── Excerpted records
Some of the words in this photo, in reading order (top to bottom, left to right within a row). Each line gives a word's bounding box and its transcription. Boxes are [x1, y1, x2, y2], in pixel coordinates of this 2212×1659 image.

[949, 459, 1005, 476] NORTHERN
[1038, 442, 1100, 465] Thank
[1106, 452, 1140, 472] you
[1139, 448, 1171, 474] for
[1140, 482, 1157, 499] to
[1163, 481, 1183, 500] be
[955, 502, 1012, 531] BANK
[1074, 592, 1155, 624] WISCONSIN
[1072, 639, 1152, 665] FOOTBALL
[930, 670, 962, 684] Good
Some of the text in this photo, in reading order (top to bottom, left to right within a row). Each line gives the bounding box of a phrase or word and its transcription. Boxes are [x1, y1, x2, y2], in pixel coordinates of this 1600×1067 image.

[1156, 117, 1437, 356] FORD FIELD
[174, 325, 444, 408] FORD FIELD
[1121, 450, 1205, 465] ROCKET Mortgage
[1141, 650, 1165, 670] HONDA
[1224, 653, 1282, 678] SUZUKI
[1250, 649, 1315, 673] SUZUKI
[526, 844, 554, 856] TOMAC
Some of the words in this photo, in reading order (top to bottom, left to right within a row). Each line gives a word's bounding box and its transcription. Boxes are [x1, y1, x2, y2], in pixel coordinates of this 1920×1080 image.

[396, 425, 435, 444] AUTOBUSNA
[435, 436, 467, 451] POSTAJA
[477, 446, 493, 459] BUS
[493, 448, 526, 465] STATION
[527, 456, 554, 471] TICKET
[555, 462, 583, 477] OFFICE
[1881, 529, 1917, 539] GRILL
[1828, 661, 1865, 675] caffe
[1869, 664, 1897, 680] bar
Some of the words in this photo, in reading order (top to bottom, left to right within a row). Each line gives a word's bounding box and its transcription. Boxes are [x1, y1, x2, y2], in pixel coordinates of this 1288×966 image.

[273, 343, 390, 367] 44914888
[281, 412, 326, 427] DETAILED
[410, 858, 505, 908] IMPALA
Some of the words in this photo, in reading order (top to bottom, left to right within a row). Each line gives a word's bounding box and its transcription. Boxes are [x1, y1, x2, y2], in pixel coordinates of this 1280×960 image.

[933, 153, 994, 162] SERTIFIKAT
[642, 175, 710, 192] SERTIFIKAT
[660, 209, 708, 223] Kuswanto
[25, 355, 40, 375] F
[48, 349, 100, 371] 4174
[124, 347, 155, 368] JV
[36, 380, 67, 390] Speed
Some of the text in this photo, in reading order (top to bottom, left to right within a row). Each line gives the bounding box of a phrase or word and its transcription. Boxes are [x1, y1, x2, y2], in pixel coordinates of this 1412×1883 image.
────
— Exercise aim —
Repeat the data verbatim.

— Answer to the problem —
Some of the words in this photo, in reading order (top to bottom, left to right within a row). Each line gives a word's bounding box and its transcription. Boxes are [x1, y1, x2, y2], in pixel coordinates of this 2212×1659 image.

[949, 459, 1005, 476] NORTHERN
[1038, 442, 1100, 465] Thank
[1106, 452, 1140, 472] you
[1139, 448, 1171, 474] for
[1140, 482, 1157, 499] to
[1163, 481, 1183, 500] be
[955, 502, 1012, 531] BANK
[1074, 592, 1155, 624] WISCONSIN
[1072, 639, 1152, 665] FOOTBALL
[930, 670, 962, 684] Good
Some of the text in this photo, in reading order (top to bottom, left to right within a row). Each line gives the bounding box of a phrase or word and its transcription. Boxes are [x1, y1, x2, y2], in pixel coordinates of this 1600×1067 image.

[1156, 117, 1437, 356] FORD FIELD
[174, 325, 444, 408] FORD FIELD
[1121, 450, 1205, 465] ROCKET Mortgage
[1141, 650, 1165, 670] HONDA
[1224, 653, 1282, 678] SUZUKI
[1250, 649, 1315, 673] SUZUKI
[526, 844, 554, 856] TOMAC
Some of the words in this photo, in reading order (top to bottom, left to right within a row). Each line gives a word's bounding box and its transcription. Boxes are [x1, y1, x2, y2], in pixel coordinates of this 1920×1080 image.

[396, 425, 435, 444] AUTOBUSNA
[435, 436, 467, 451] POSTAJA
[477, 446, 493, 459] BUS
[493, 448, 526, 465] STATION
[527, 456, 554, 471] TICKET
[555, 462, 583, 477] OFFICE
[1881, 529, 1917, 539] GRILL
[1828, 661, 1865, 675] caffe
[1869, 664, 1897, 680] bar
Some of the words in this photo, in reading order (top to bottom, left to right within a row). Each line gives a word's bounding box and its transcription. Boxes are [x1, y1, x2, y2], in pixel coordinates of this 1288×966 image.

[273, 343, 390, 367] 44914888
[281, 412, 326, 427] DETAILED
[410, 858, 505, 908] IMPALA
Some of the words in this photo, in reading order (top to bottom, left to right within a row). Each line gives a word's bounding box and its transcription. Boxes are [x1, y1, x2, y2], in pixel coordinates of this 1280×960 image.

[933, 153, 994, 162] SERTIFIKAT
[642, 175, 710, 192] SERTIFIKAT
[660, 209, 708, 223] Kuswanto
[25, 355, 40, 375] F
[48, 349, 100, 371] 4174
[124, 347, 155, 368] JV
[36, 380, 67, 390] Speed
Some of the text in this photo, in reading order (top to bottom, left to right within a row). Each line gives the bounding box of a phrase or word and its transcription. Boxes are [x1, y1, x2, y2], in pixel coordinates of this 1412×1883 image.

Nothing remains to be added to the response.